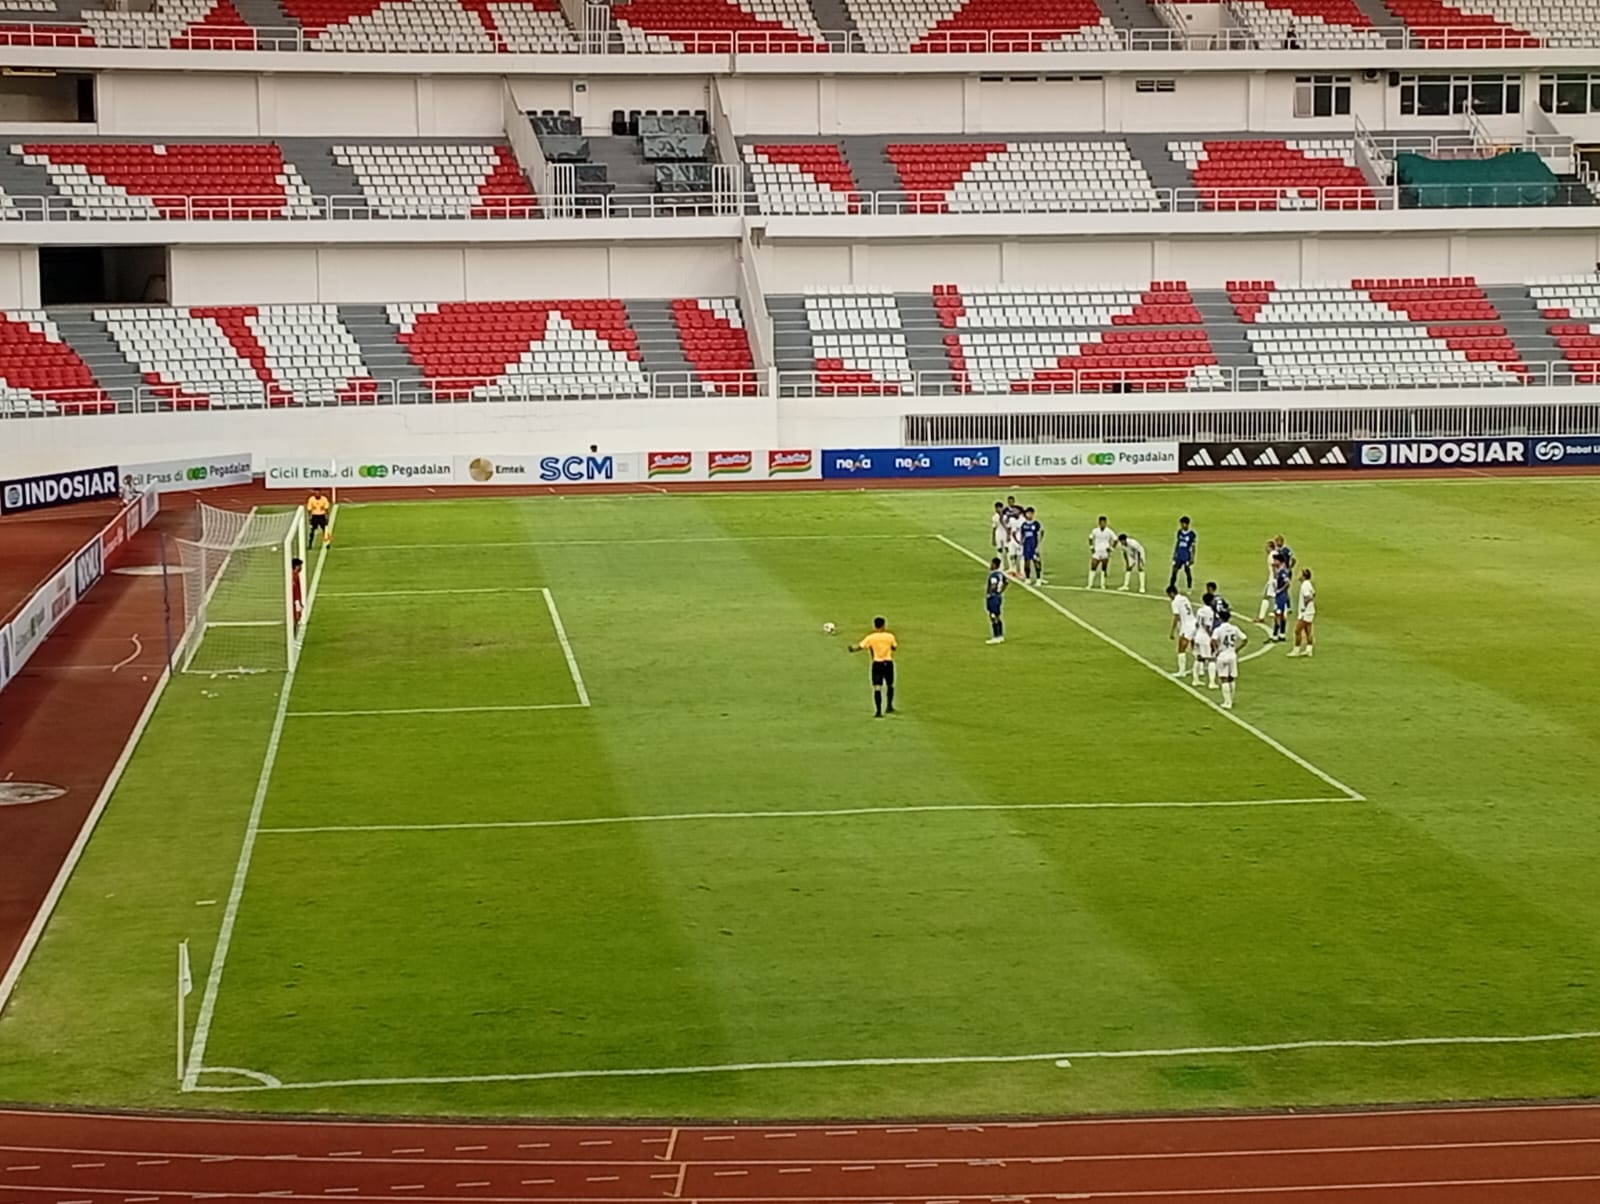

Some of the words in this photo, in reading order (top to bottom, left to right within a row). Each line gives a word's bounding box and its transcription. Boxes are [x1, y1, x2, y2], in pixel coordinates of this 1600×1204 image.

[1003, 455, 1030, 466] Cicil
[1034, 455, 1067, 466] Emas
[1071, 454, 1082, 465] di
[1119, 452, 1175, 465] Pegadaian
[1390, 442, 1525, 464] INDOSIAR
[174, 470, 183, 482] di
[270, 468, 298, 479] Cicil
[341, 467, 353, 478] di
[392, 464, 451, 477] Pegadaian
[496, 465, 526, 474] Emtek
[540, 456, 613, 481] SCM
[25, 471, 116, 505] INDOSIAR
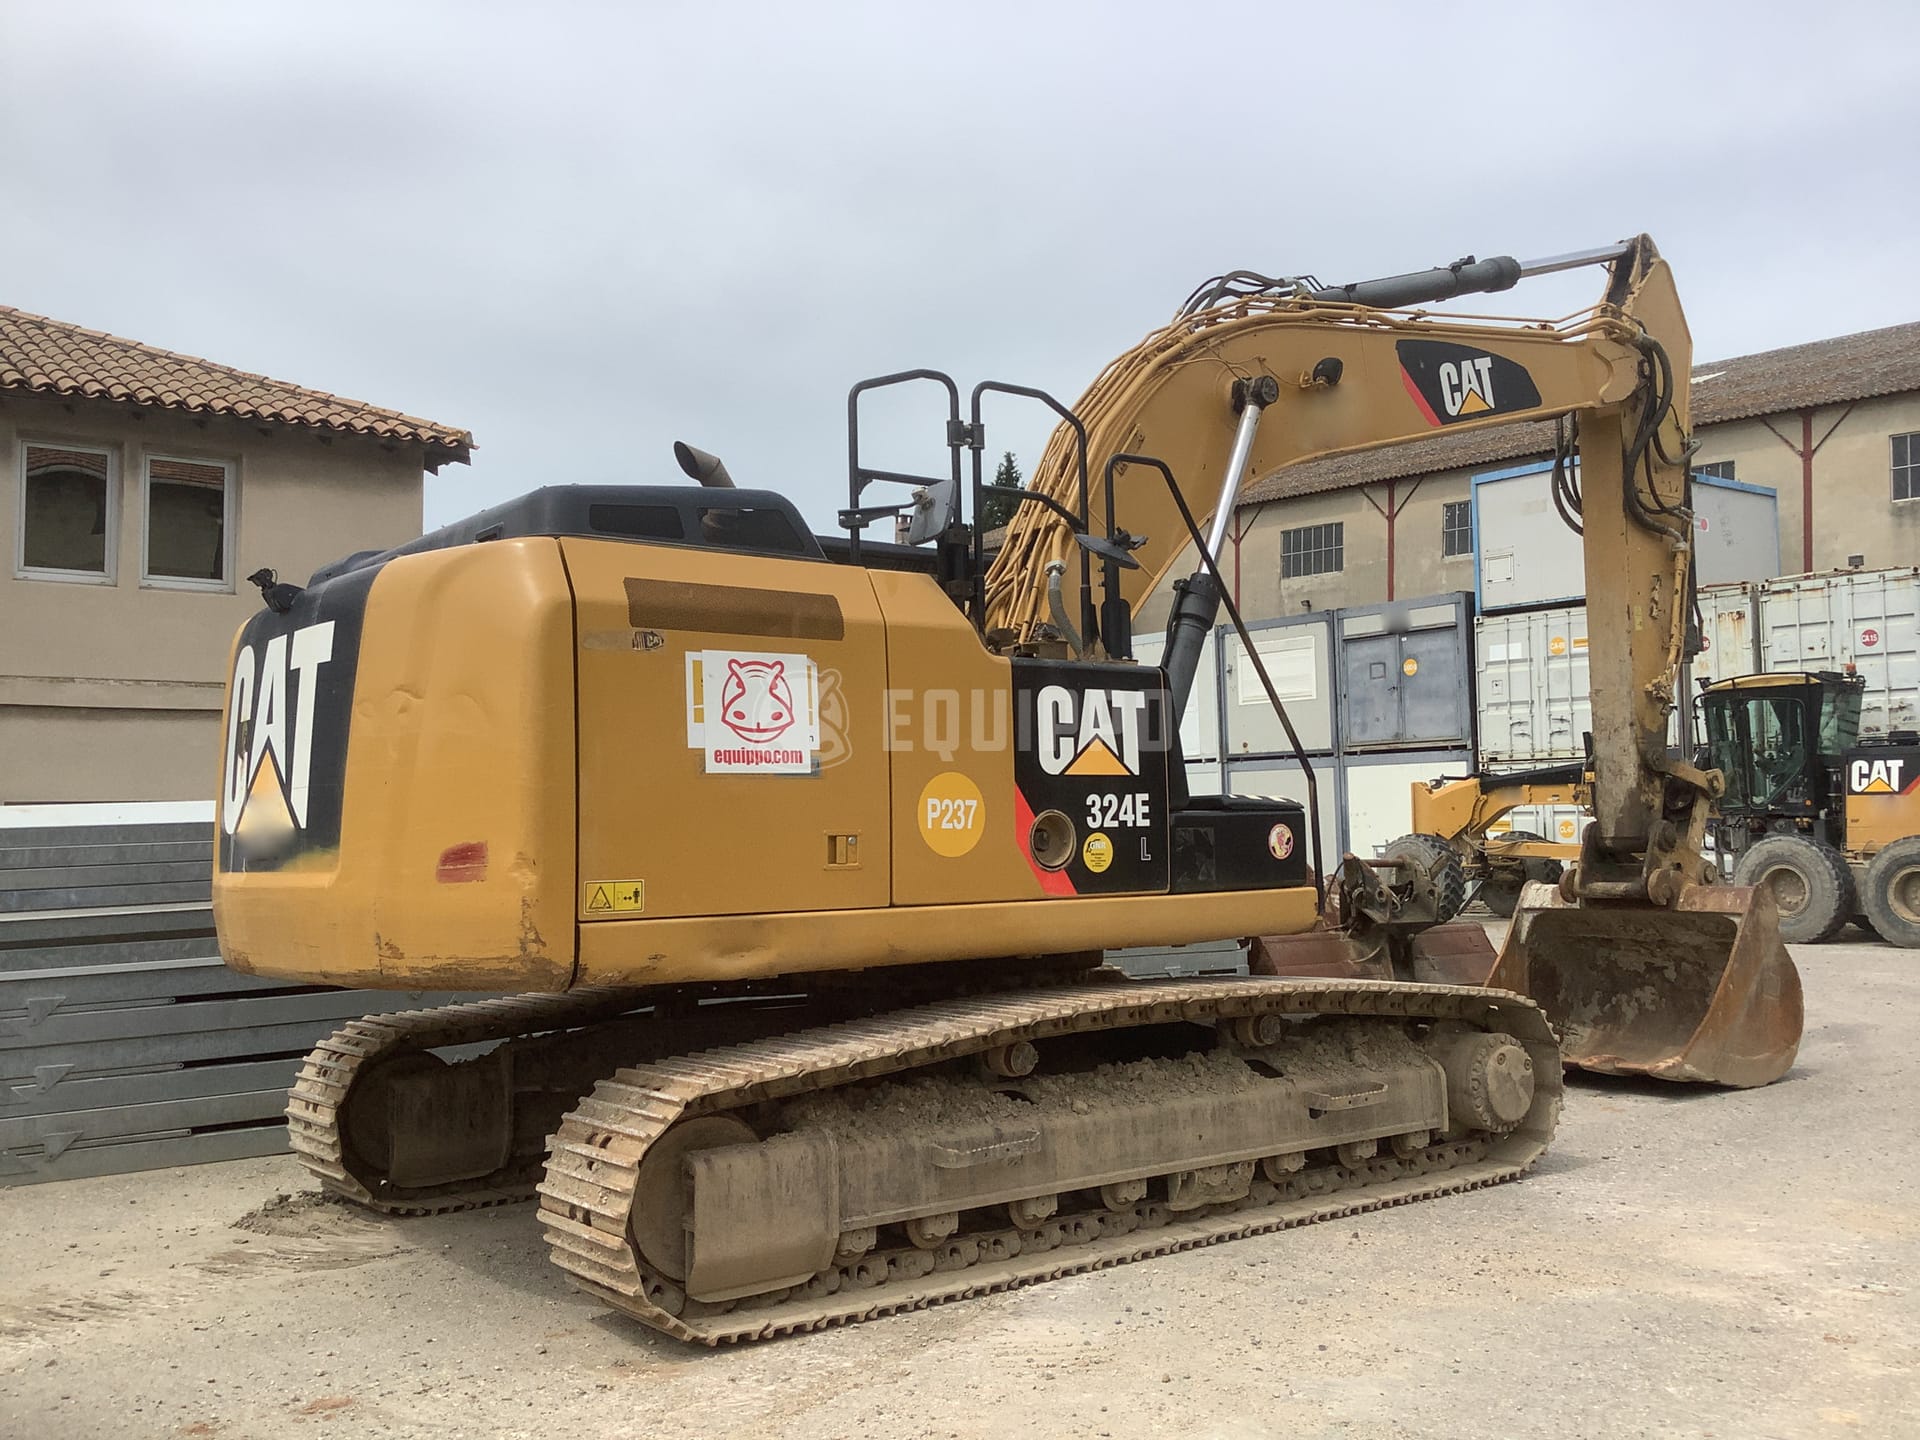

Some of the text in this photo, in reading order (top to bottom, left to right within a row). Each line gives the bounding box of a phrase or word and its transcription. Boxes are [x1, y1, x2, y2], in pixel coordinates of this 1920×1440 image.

[1438, 356, 1495, 416] CAT
[224, 620, 335, 834] CAT
[1037, 685, 1146, 776] CAT
[714, 747, 803, 765] equippo.com
[1851, 760, 1904, 792] CAT
[927, 798, 978, 831] P237
[1086, 793, 1150, 829] 324E
[1141, 837, 1151, 860] L

————————

Requirement —
Reprint every record exactly and skip the pictures.

Your solution —
Some of the words in this photo, in reading order (top to bottom, left to right within a row). Each line gives a word's bounding box and its transcription. Boxes are [x1, y1, x2, y2], in pixel coordinates of this 1600×1204 image.

[1003, 455, 1030, 466] Cicil
[1034, 455, 1067, 466] Emas
[1071, 454, 1082, 465] di
[1119, 452, 1175, 465] Pegadaian
[1390, 442, 1525, 464] INDOSIAR
[174, 470, 183, 482] di
[270, 468, 298, 479] Cicil
[341, 467, 353, 478] di
[392, 464, 451, 477] Pegadaian
[496, 465, 526, 474] Emtek
[540, 456, 613, 481] SCM
[25, 471, 116, 505] INDOSIAR

Some of the text in this photo, in reading order (top to bottom, left to right within a row). Each line gives the bounding box of a phrase or word and its transcription. Boxes are [x1, y1, x2, y2], in pixel coordinates of this 1920×1440 image.

[1438, 356, 1495, 416] CAT
[224, 620, 335, 834] CAT
[1037, 685, 1146, 776] CAT
[714, 747, 803, 765] equippo.com
[1851, 760, 1904, 792] CAT
[927, 798, 978, 831] P237
[1086, 793, 1150, 829] 324E
[1141, 837, 1151, 860] L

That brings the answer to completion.